Main concern right now:
Ability to integrate and test fast from multiple suppliers and in-house teams, from finding a bug to making a fix through diverse and at times disconnected pipelines is a major challenge major companies struggle with.
Most excited for in 2026:
Brand new silicon designs building a platform concept on silicon towards upper layers of software stack. Collaborations to design and build SDV platforms for various consumers funded by a consortium of companies who are each good in specific aspects of it. Ability to build safety critical platforms with domain-specific libraries that allow reusable pieces to be deployed in domains such as automotive, aerospace, robotics.

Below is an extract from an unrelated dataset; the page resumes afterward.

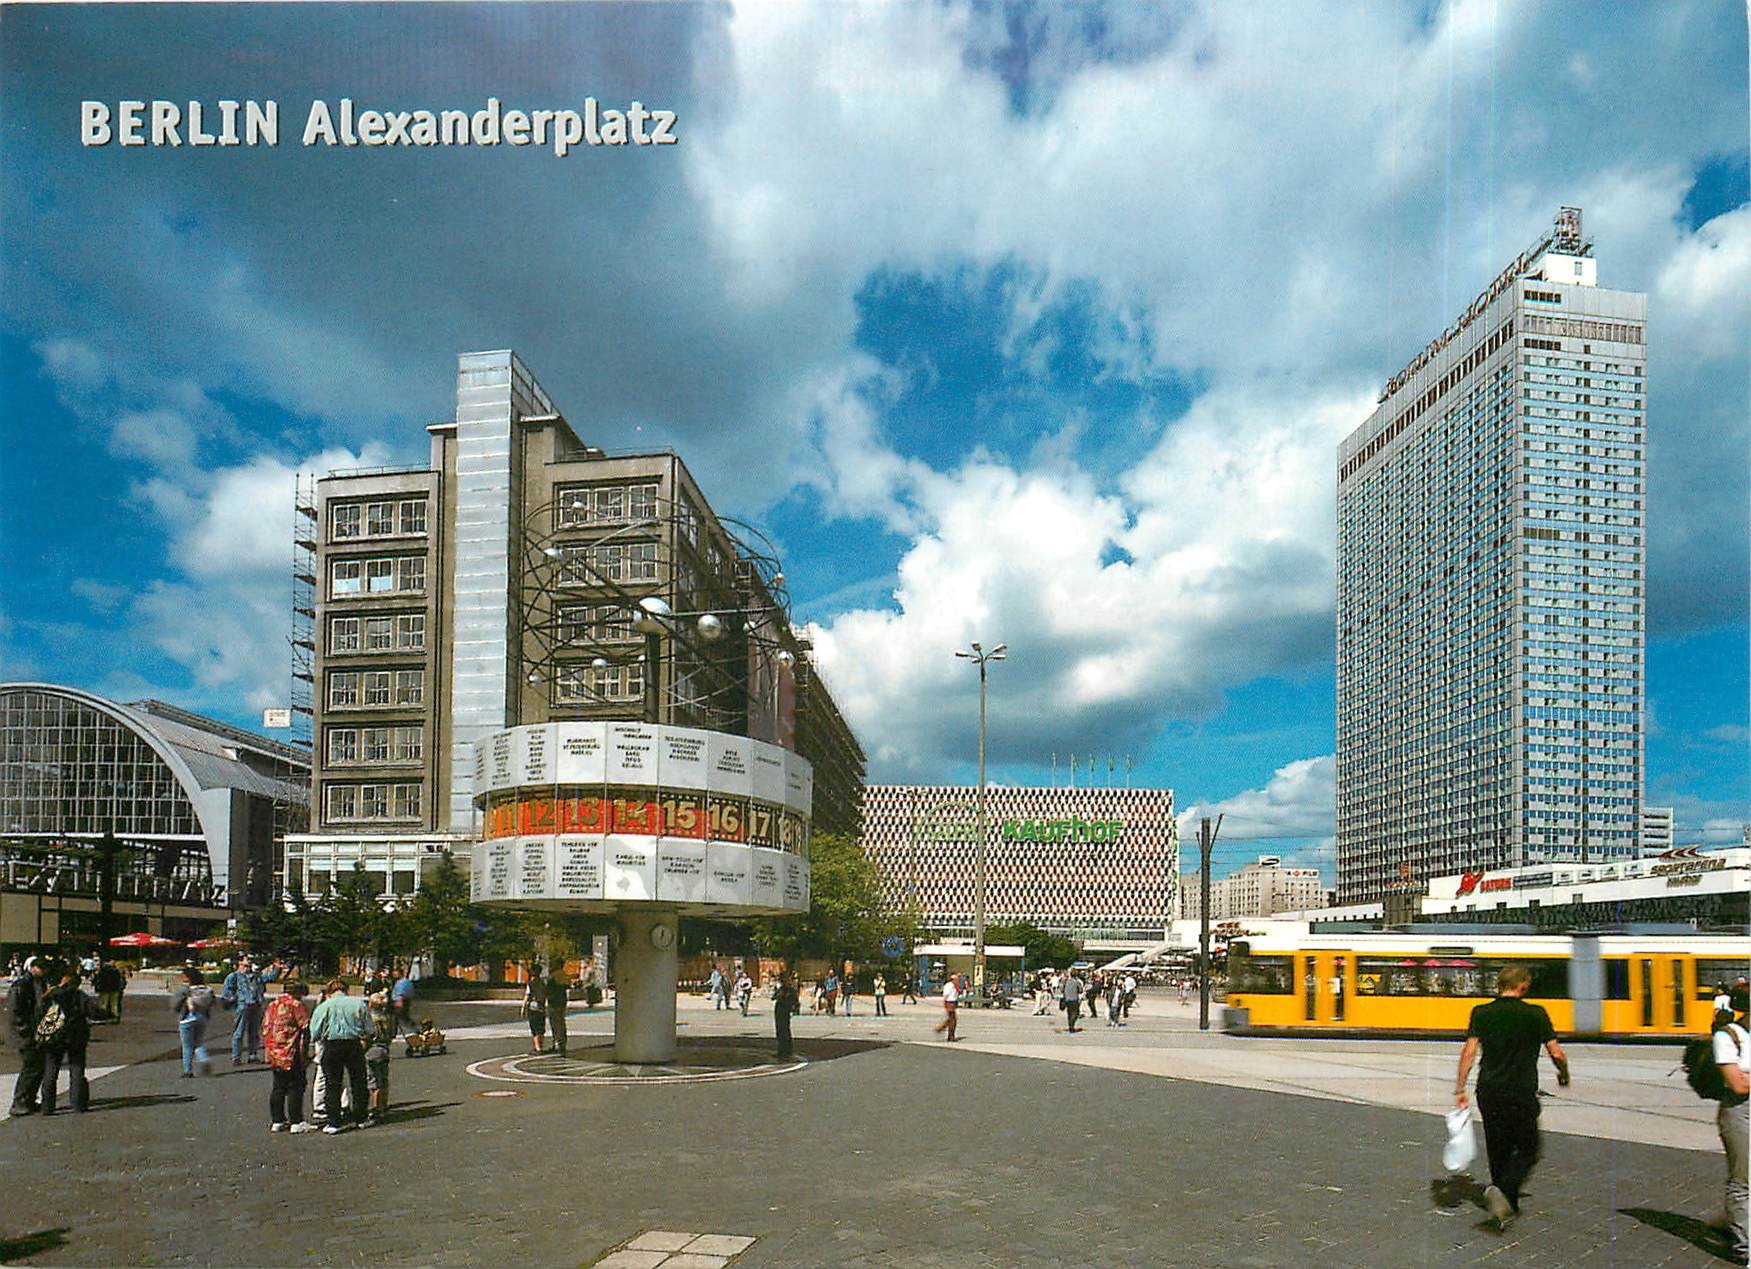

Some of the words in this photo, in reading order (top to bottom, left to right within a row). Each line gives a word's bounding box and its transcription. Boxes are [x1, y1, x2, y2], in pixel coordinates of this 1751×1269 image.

Dominic Neumann, EA to the President, Bosch
Biggest technological advancement impact (in the next five years):
I believe the biggest impact over the next five years will stem from the widespread application of AI, particularly GenAI and advanced machine learning, across all automotive functions. This will profoundly enhance vehicle capabilities, enabling levels of personalization, predictive intelligence, and continuous optimization, thereby accelerating innovation cycles and fundamentally transforming the driving experience, especially when combined with SDV’s.
Main concern right now:
My biggest concern is the geopolitical fragmentation, which critically destabilizes global supply chains and trade routes essential for our industry. This volatility significantly complicates our efforts to manage the rapid technological transformation, and the immense investments required. Navigating this unpredictable landscape while ensuring continuity and profitability demands constant strategic adaptation and resilience.
Most excited for in 2026:
I'm most excited for the maturing of Software-Defined Vehicle architectures by 2026, which will unlock the transformative power and will unleash the inherent advantages of by-wire systems, enabling new levels of dynamic vehicle control, performance, comfort and safety. This synergy will lead to more personalization, continuous over-the-air feature enhancements, and a true redefinition of driving experience.